While we're seeing some positive numbers in the US, we're also seeing signs of weakness. And since we live in a world of international trade, the world's woes will hit us.

In case you haven't noticed, the rest of the world continues to slow down and the negative data is accelerating. The big powerhouses of the world, the eurozone (including Germany), Japan, and China are leading this trend and there is no reason to believe that the U.S. will not follow.

I've been writing about this theme frequently lately because, while we are seeing some positive numbers here in the U.S., we are also seeing signs of weakness starting to show up, and since we live in a world of international trade, the world's woes will hit us.

The first thing to note about this phenomenon is that the central banks of the world, including the Fed, have been doing all they can to support their economies with plentiful money. According to a recent Bloomberg article, "Central banks across five continents are undertaking the broadest reduction in borrowing costs since 2009 to avert a global economic slump stemming from Europe's sovereign-debt turmoil."

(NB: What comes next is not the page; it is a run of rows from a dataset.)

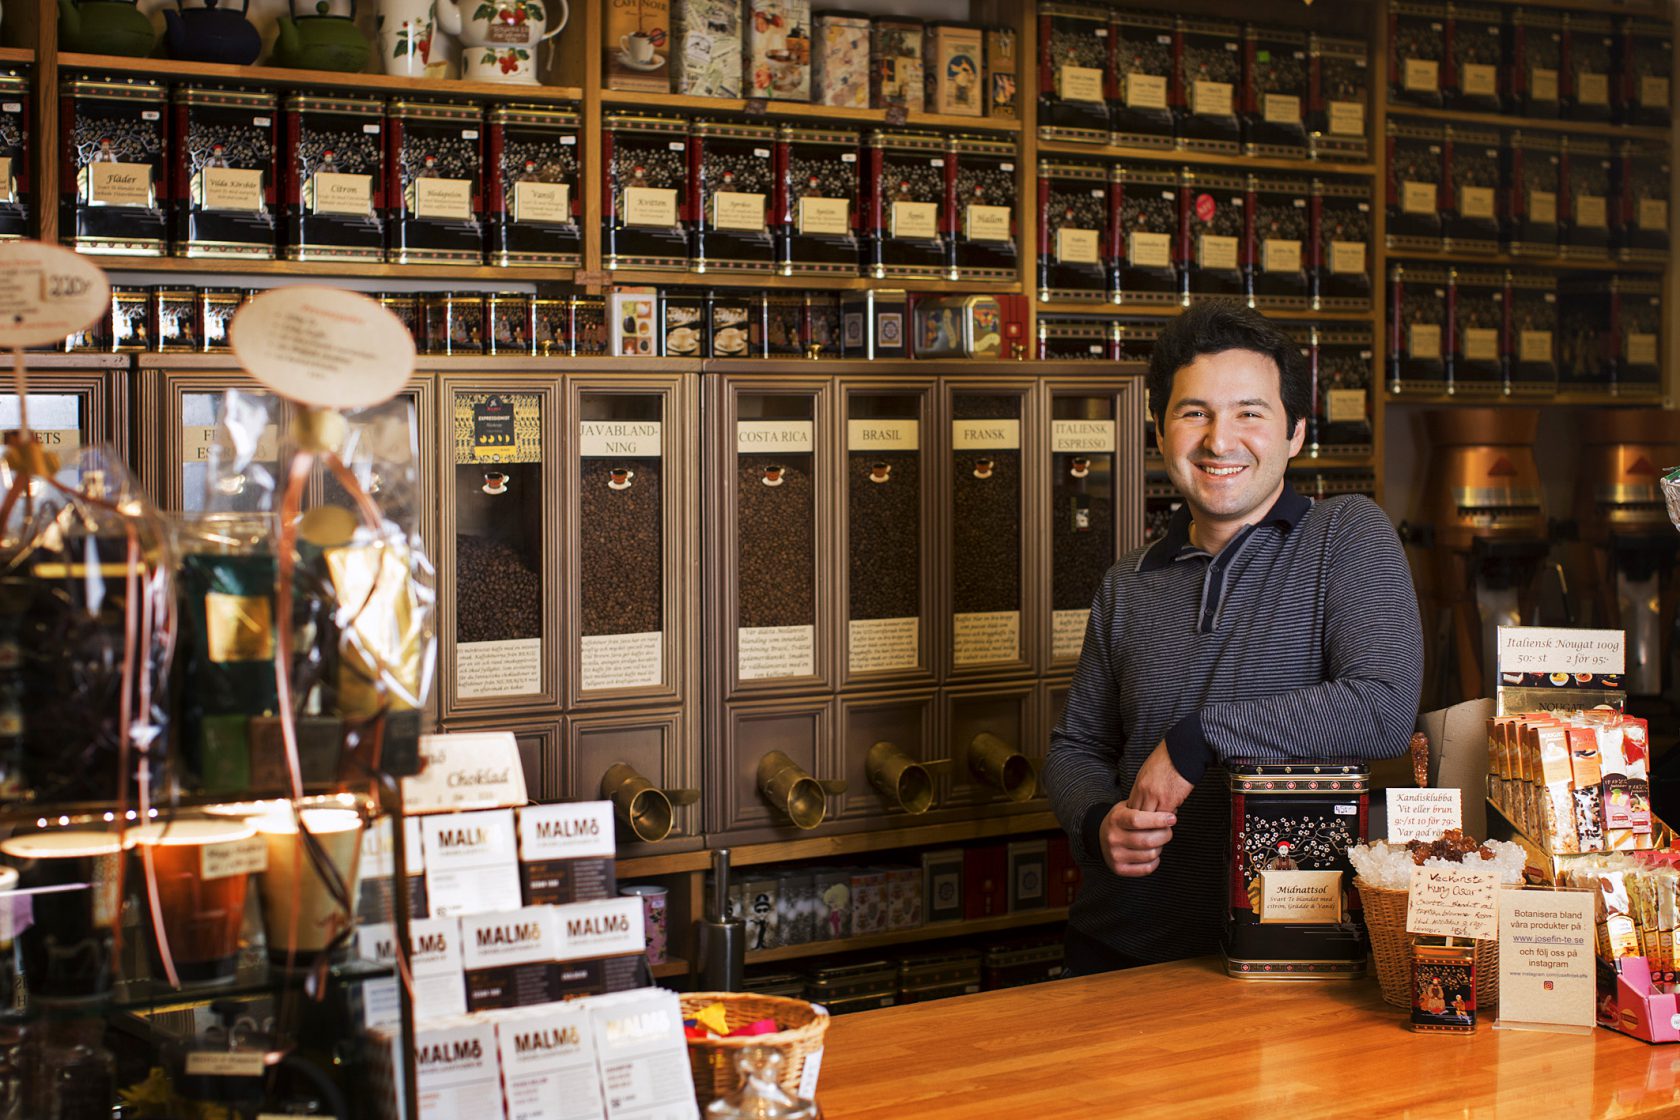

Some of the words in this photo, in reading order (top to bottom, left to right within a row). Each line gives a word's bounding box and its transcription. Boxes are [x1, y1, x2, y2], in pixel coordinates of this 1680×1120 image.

[106, 174, 136, 184] Fläder
[210, 176, 228, 184] Vilda
[230, 177, 256, 186] Körsbär
[330, 185, 358, 194] Citron
[531, 190, 556, 201] Vanilj
[638, 199, 667, 207] Kvitten
[976, 214, 1003, 224] Hallon
[580, 425, 658, 436] JAVABLAND-
[1056, 424, 1107, 434] ITALIENSK
[738, 431, 778, 442] COSTA
[782, 431, 808, 442] RICA
[863, 430, 902, 440] BRASIL
[964, 429, 1006, 440] FRANSK
[606, 442, 636, 453] NING
[1058, 439, 1106, 449] ESPRESSO
[1506, 638, 1551, 648] Italiensk
[1554, 639, 1594, 652] Nougat
[1596, 642, 1619, 652] 100g
[1517, 654, 1536, 664] 50:-
[1538, 654, 1547, 662] st
[1573, 653, 1590, 665] för
[1592, 656, 1609, 664] 95:-
[448, 766, 509, 788] Choklad
[1396, 793, 1452, 802] Kandisklubba
[1397, 804, 1410, 813] Vit
[1413, 805, 1430, 813] eller
[1432, 805, 1452, 813] brun
[1426, 816, 1440, 827] för
[1397, 828, 1413, 837] Var
[1415, 828, 1430, 839] god
[1276, 884, 1328, 894] Midnattsol
[1452, 886, 1477, 896] Oscar
[1514, 910, 1557, 919] Botanisera
[1560, 910, 1582, 919] bland
[1511, 920, 1528, 928] våra
[1530, 921, 1568, 930] produkter
[1571, 923, 1581, 931] på
[1513, 935, 1584, 945] www.josefin-te.se
[1536, 948, 1548, 957] följ
[1567, 949, 1578, 958] på
[1529, 959, 1568, 968] instagram
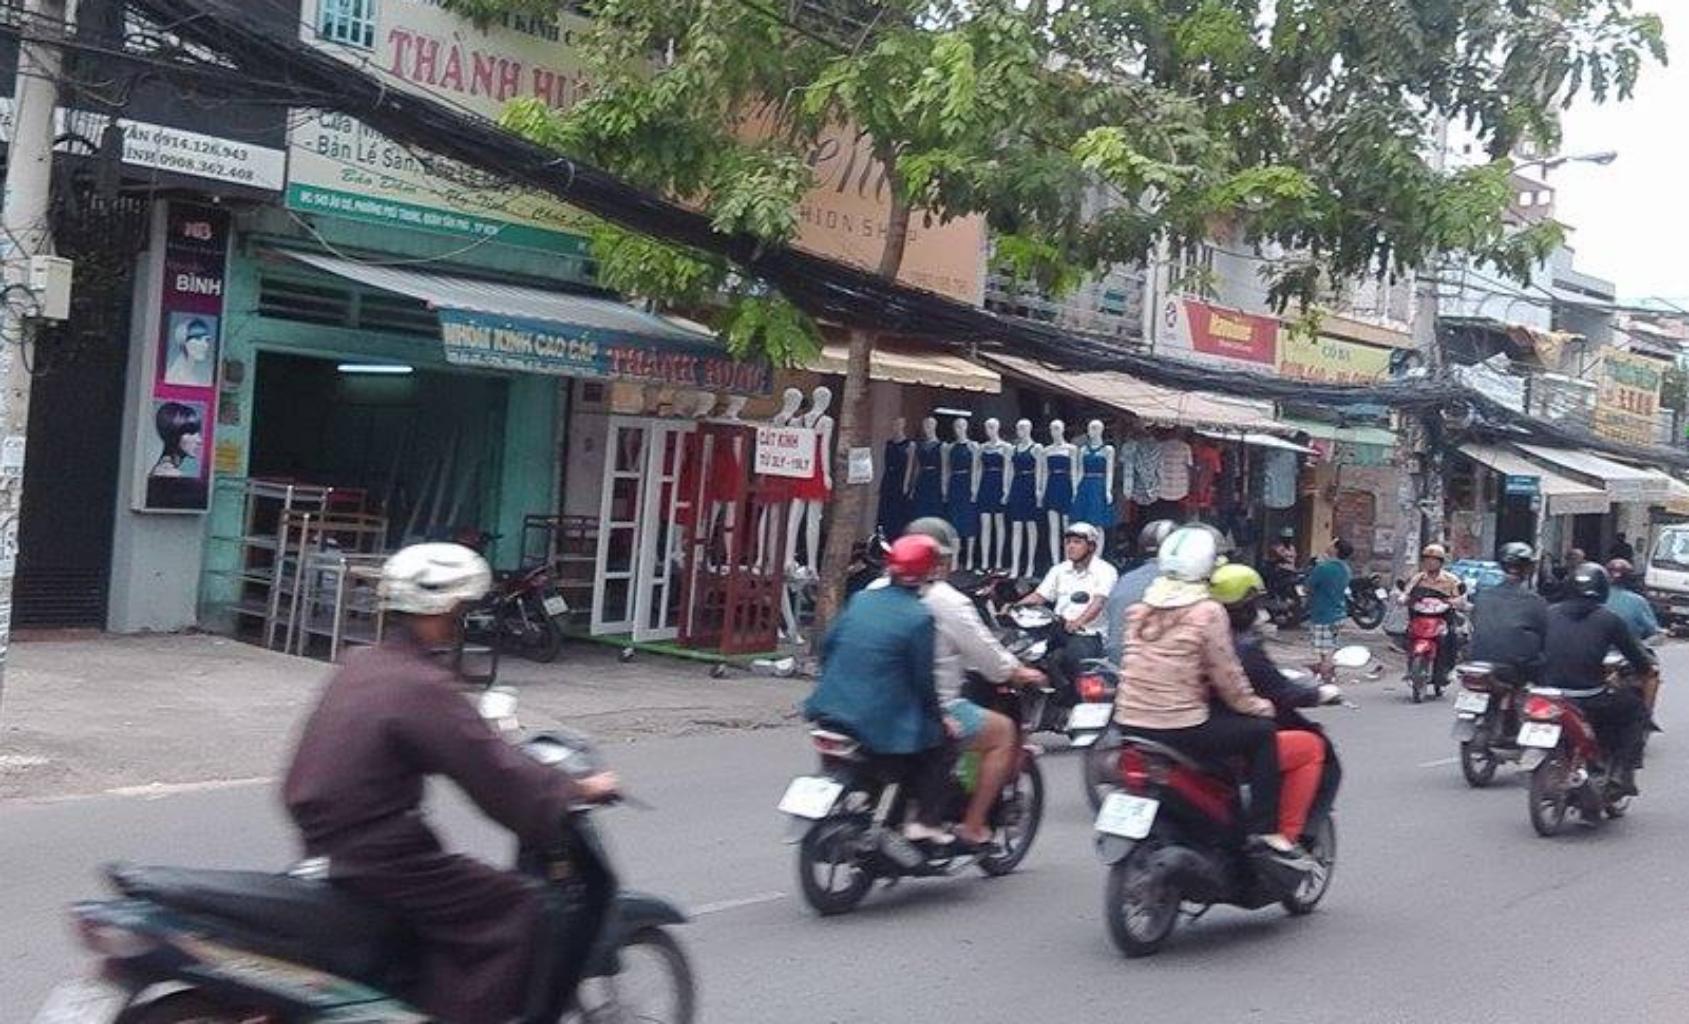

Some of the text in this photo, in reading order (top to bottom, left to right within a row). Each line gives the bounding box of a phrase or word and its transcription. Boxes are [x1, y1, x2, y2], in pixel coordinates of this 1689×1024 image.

[388, 28, 521, 102] THÀNH
[176, 271, 222, 297] BÌNH
[535, 332, 567, 358] CAO
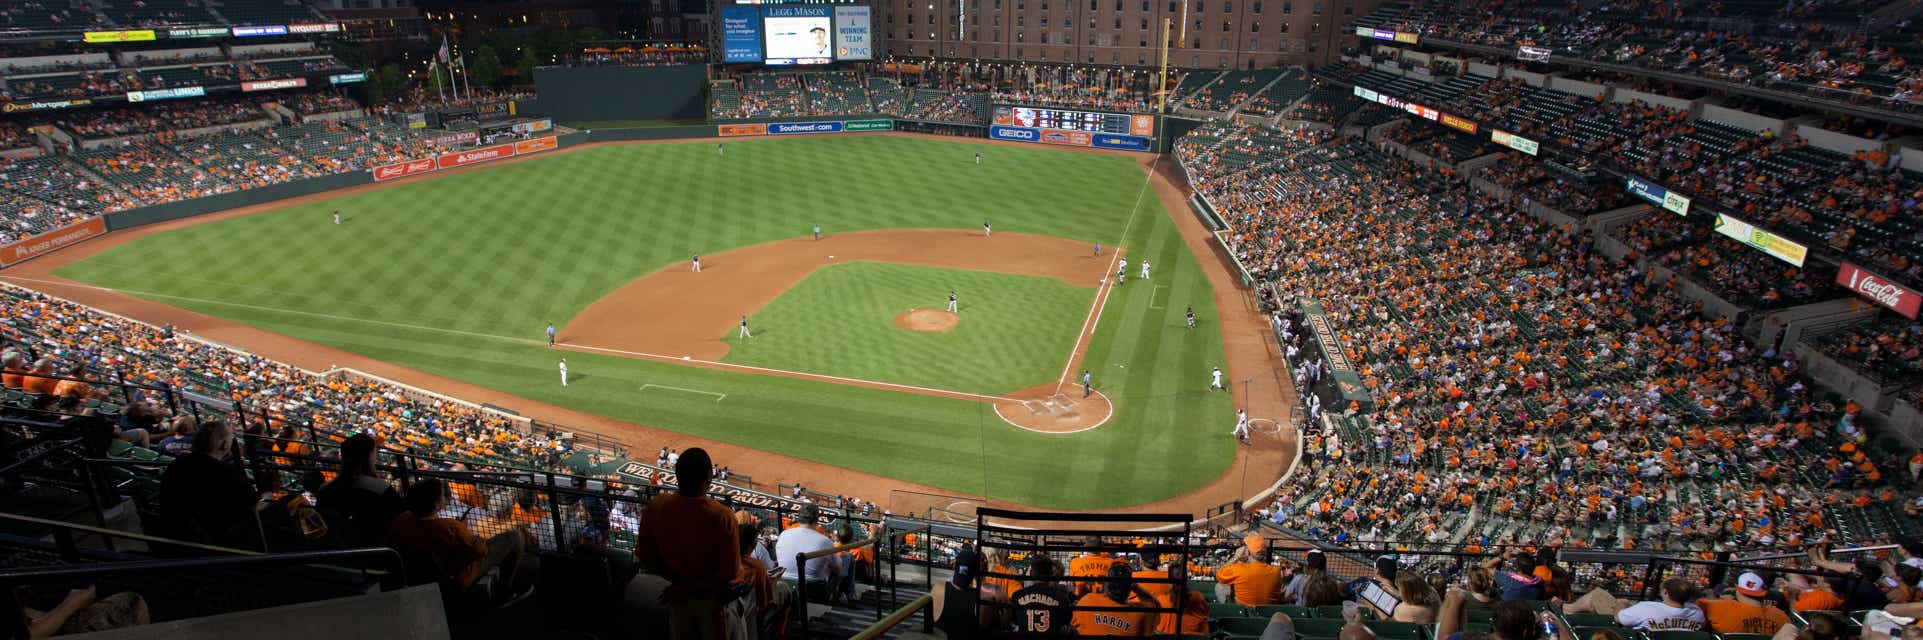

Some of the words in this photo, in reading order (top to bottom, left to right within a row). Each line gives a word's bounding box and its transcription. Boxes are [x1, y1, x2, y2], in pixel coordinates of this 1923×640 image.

[769, 7, 793, 16] LEGG
[794, 7, 825, 16] MASON
[850, 47, 868, 55] PNC
[173, 86, 205, 97] UNION
[998, 128, 1033, 139] GEICO
[1858, 275, 1905, 307] Coca-Cola
[1026, 609, 1050, 633] 13
[1095, 613, 1132, 633] HARDY

Monetary easing will push the average worldwide central bank interest rate, weighted for gross domestic product, to 1.79% by next June from 2.16% in September, the largest drop in two years, according to data and projections from JPMorgan, which tracks 31 central banks. The number of those banks loosening credit is the most since the third quarter of 2009, when 15 institutions cut rates, the data show.

The People's Bank of China has raised its main interest rate three times this year to fight inflation. India's central bank lifted rates on Oct. 25 by a quarter of a percentage point, while signaling it was nearing the end of its record cycle of increases as the economy cooled.

This is nothing new. Since the Crash of 2008, most central banks have been pumping fiat money into their economies.

The multiple EU sovereign insolvencies-you don't need to default to be insolvent-are hitting eurozone credit hard, which is a trigger for deflation as money supply declines. Lenders are stuck with bad sovereign loans and there isn't enough money to bail them all out, much less the PIIGS.

The thing to remember about the eurozone is that it's not just sovereign insolvencies that is their problem. They became insolvent, yes because governments spent too much, but their economies are in the tank mainly for many of the same reasons the U.S. economy declined (money inflation boom, high debt/spending, housing market collapse triggering depression, high taxes and regulation, and various bailouts to prevent recovery). Until they fix the underlying causes, their banks will collapse and countries will default.

China's economy relies on the West for its exports, and as a result:
  • Manufacturing production falls at fastest rate in three months; the lowest service sector growth since August;
  • Overall input costs fall for the first month since July 2010;
  • Service sector business optimism second-lowest in series history.

China's frequent monetary stimulus, along with government real estate policies, keeps feeding their real estate boom-bust cycles.

Once you look at the data (below), you will see where we and the world are headed.

While these economies are shrinking, demand for commodities, capital goods, and manufactured goods all decline. This is impacting commodity prices; they have been falling since this summer (mainly a supply-demand factor, not just a money deflation issue). Each country/zone will have a different reaction to all this. Most will continue to inflate ("print" money).

Money printing will have little impact on declining prices for the time being. Unless they panic. If they panic -- that is, massively pump money -- they will suffer from price inflation. China will have more booms and the eurozone will also stagnate as well. Japan will continue to go "Japanese," and depending on what the Fed does, it is likely we'll go Japanese as well.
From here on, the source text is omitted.